En revanche, le VdP doit être distingué des pensées intrusives précédemment décrites ; ces dernières sont souvent plus récurrentes, plus difficiles à contrôler, plus facilement provoquées par l’activité en cours et reflètent plutôt une forme d’inflexibilité attentionnelle (toujours penser à la même chose). Il s’agit en particulier de distinguer le VdP d’un autre type de pensées que les gens peuvent expérimenter alors qu’ils ont une tâche à réaliser, plus proche des ruminations et des inquiétudes, à savoir les interférences relatives à la tâche (task related interference ou TRI, p.ex. « J’ai pensé au temps qu’il me restait avant la fin de la tâche » ou « J’ai pensé à mon niveau de compétence dans cette tâche » ou encore « J’ai pensé à la difficulté de la tâche ») (Smallwood, Obonsawin, & Reid, 2003). Par opposition, les VdP n’entretiennent aucun lien avec la situation en cours (« J’ai pensé à quelque chose qui s’est passé récemment/qui pourrait se passer dans le futur »).

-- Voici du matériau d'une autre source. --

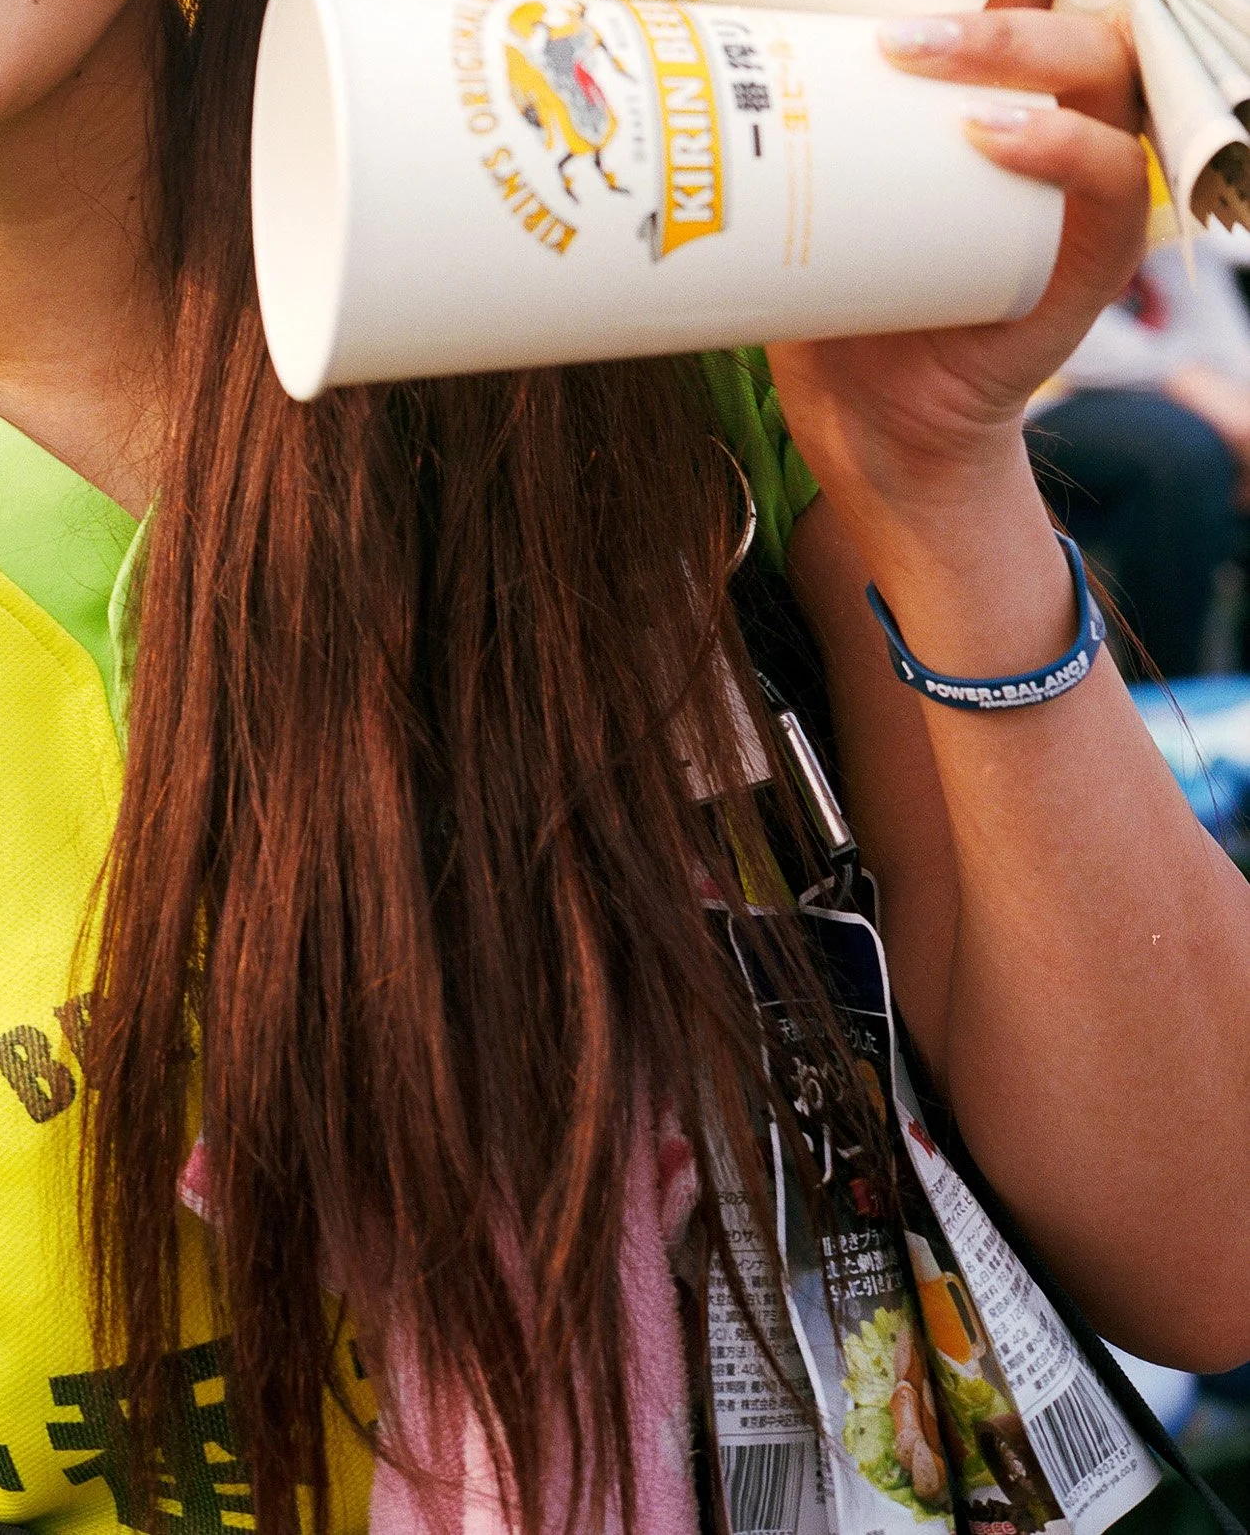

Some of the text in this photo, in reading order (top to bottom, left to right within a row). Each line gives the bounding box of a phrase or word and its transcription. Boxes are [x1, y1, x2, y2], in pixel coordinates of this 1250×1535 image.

Différentes méthodes de détection de pensées ont été utilisées pour évaluer le VdP et sa fréquence durant la réalisation d’une tâche (pour une revue, voir Smallwood & Schooler, 2006) mais il n’existe actuellement aucune méthode idéale.

Une de ces méthodes consiste à « sonder » les pensées des participants en les interrompant à différents moments de la tâche qu’ils exécutent. Lors de cette pause, il leur est demandé de décrire tout ce qui se passait dans leur tête juste avant l’interruption. Les pensées sont catégorisées ultérieurement (p.ex., en VdP versus TRI) par plusieurs juges indépendants. Afin d’éviter certains biais (p.ex., timidité, désirabilité sociale), d’autres méthodes demandent aux participants (1) de juger par eux-mêmes, lors de pauses ponctuant aléatoirement une tâche, quelles étaient leurs pensées juste avant cette interruption (p.ex., en choisissant entre VdP et TRI), ou (2) de signaler chaque VdP, par exemple en pressant un bouton à chaque fois qu’ils prennent conscience d’un VdP durant la réalisation de la tâche. Il est également possible de combiner ces deux dernières méthodes pour distinguer les VdP ressentis consciemment (auto-rapportés entre les pauses) de ceux sans « conscience explicite » (soit des VdP rapportés durant les pauses sans avoir pris conscience que son esprit avait dérivé de la tâche juste avant la pause7) (Sayette et al., 2009; Schooler, Reichle, & Halpern, 2005).

Certaines méthodes demandent encore aux participants de juger par eux-mêmes s’ils étaient conscients ou non du fait que leur esprit vagabondait au moment de l’interruption (Smallwood et al., 2008a; Smallwood et al., 2008b).

Enfin, la fréquence et le contenu des VdP peuvent être évalués rétrospectivement (après la tâche) par des questionnaires. Toutefois, avec des mesures rétrospectives, l’évaluation de la fréquence des VdP peut être altérée par des aspects mnésiques et/ou par l’absence de prise de conscience. Il est donc préférable d’évaluer les VdP par détection de pensées directement pendant la réalisation d’une tâche afin de minimiser l’impact de ces biais.

7 Les participants devant surveiller et signaler dès que possible l'apparition de VdP, le fait de ne pas en rapporter avant une pause mais durant la pause reflète une absence de prise de conscience que son esprit était en train de vagabonder juste avant cette interruption.